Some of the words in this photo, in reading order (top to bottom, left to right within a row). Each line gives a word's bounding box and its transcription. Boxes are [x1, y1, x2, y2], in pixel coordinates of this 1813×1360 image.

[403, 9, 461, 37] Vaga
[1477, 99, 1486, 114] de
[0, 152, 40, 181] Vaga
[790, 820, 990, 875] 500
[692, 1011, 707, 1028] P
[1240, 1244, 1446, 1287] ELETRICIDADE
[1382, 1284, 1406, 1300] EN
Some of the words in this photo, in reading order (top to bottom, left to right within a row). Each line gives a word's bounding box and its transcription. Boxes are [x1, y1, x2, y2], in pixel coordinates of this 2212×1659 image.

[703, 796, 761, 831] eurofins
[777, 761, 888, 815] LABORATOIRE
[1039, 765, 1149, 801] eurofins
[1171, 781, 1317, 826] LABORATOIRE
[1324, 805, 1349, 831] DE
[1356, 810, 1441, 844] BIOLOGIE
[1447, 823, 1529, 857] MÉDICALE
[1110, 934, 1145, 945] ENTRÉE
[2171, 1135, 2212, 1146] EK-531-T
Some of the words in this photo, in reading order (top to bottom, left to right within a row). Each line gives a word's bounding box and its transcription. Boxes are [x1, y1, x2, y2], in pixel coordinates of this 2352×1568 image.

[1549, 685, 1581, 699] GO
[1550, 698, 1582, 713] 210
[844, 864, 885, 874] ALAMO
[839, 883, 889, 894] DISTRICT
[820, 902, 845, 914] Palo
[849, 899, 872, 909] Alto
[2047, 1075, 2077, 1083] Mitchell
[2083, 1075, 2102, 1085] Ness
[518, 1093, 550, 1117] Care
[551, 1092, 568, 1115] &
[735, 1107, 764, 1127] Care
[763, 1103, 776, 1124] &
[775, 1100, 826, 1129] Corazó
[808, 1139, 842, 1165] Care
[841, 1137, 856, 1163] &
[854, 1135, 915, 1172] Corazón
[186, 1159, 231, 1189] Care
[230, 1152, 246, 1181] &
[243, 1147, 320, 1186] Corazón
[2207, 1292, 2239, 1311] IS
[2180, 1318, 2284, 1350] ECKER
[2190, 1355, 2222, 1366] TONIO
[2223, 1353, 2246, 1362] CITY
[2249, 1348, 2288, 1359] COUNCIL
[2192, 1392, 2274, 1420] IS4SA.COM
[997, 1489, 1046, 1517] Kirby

[Work request]
Would you write out the listing above exactly, in full?

[Answer section]
Some of the words in this photo, in reading order (top to bottom, left to right within a row). Each line gives a word's bounding box and its transcription. Boxes are [x1, y1, x2, y2], in pixel coordinates of this 1813×1360 image.

[403, 9, 461, 37] Vaga
[1477, 99, 1486, 114] de
[0, 152, 40, 181] Vaga
[790, 820, 990, 875] 500
[692, 1011, 707, 1028] P
[1240, 1244, 1446, 1287] ELETRICIDADE
[1382, 1284, 1406, 1300] EN
Some of the words in this photo, in reading order (top to bottom, left to right within a row). Each line gives a word's bounding box and its transcription. Boxes are [x1, y1, x2, y2], in pixel coordinates of this 2212×1659 image.

[703, 796, 761, 831] eurofins
[777, 761, 888, 815] LABORATOIRE
[1039, 765, 1149, 801] eurofins
[1171, 781, 1317, 826] LABORATOIRE
[1324, 805, 1349, 831] DE
[1356, 810, 1441, 844] BIOLOGIE
[1447, 823, 1529, 857] MÉDICALE
[1110, 934, 1145, 945] ENTRÉE
[2171, 1135, 2212, 1146] EK-531-T
Some of the words in this photo, in reading order (top to bottom, left to right within a row). Each line gives a word's bounding box and its transcription. Boxes are [x1, y1, x2, y2], in pixel coordinates of this 2352×1568 image.

[1549, 685, 1581, 699] GO
[1550, 698, 1582, 713] 210
[844, 864, 885, 874] ALAMO
[839, 883, 889, 894] DISTRICT
[820, 902, 845, 914] Palo
[849, 899, 872, 909] Alto
[2047, 1075, 2077, 1083] Mitchell
[2083, 1075, 2102, 1085] Ness
[518, 1093, 550, 1117] Care
[551, 1092, 568, 1115] &
[735, 1107, 764, 1127] Care
[763, 1103, 776, 1124] &
[775, 1100, 826, 1129] Corazó
[808, 1139, 842, 1165] Care
[841, 1137, 856, 1163] &
[854, 1135, 915, 1172] Corazón
[186, 1159, 231, 1189] Care
[230, 1152, 246, 1181] &
[243, 1147, 320, 1186] Corazón
[2207, 1292, 2239, 1311] IS
[2180, 1318, 2284, 1350] ECKER
[2190, 1355, 2222, 1366] TONIO
[2223, 1353, 2246, 1362] CITY
[2249, 1348, 2288, 1359] COUNCIL
[2192, 1392, 2274, 1420] IS4SA.COM
[997, 1489, 1046, 1517] Kirby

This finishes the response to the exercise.